Annotated photo localization data:
# # # #

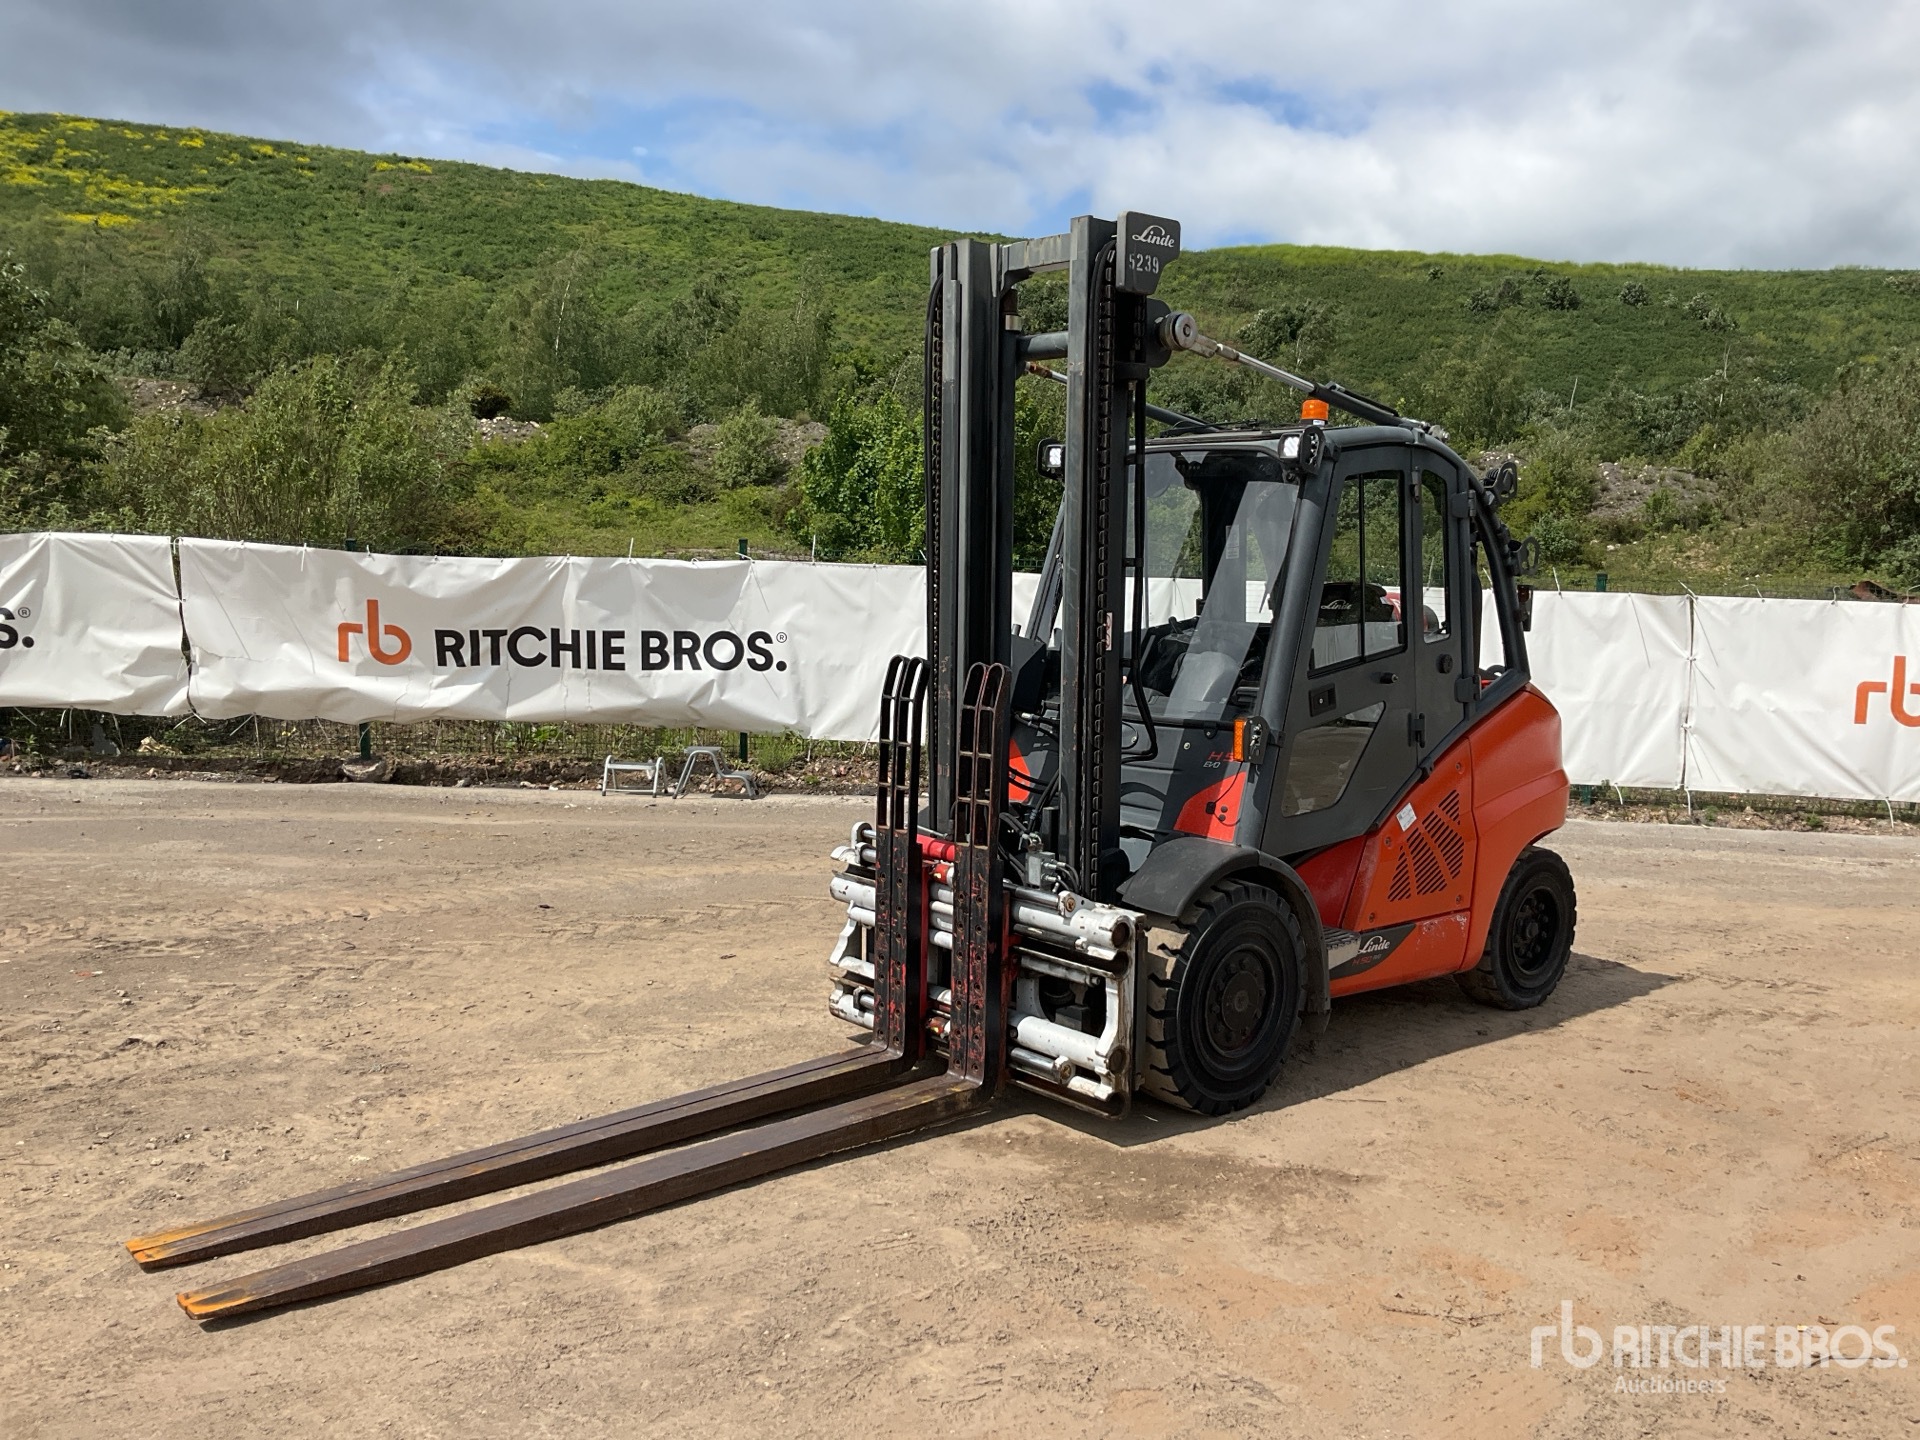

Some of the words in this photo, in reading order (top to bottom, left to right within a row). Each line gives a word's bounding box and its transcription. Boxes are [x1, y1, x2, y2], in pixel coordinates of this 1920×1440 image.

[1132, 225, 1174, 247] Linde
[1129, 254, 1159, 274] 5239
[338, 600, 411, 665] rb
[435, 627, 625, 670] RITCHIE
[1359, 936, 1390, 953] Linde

# # # #

*AIM OF THE TASK*
Will you restate every entry word for word and omit the images?

*COMPLETED TASK*
Some of the words in this photo, in reading order (top to bottom, left to right within a row). Each line gives a word's bounding box and its transcription. Boxes are [x1, y1, x2, y2], in pixel coordinates of this 1920×1440 image.

[1132, 225, 1174, 247] Linde
[1129, 254, 1159, 274] 5239
[338, 600, 411, 665] rb
[435, 627, 625, 670] RITCHIE
[1359, 936, 1390, 953] Linde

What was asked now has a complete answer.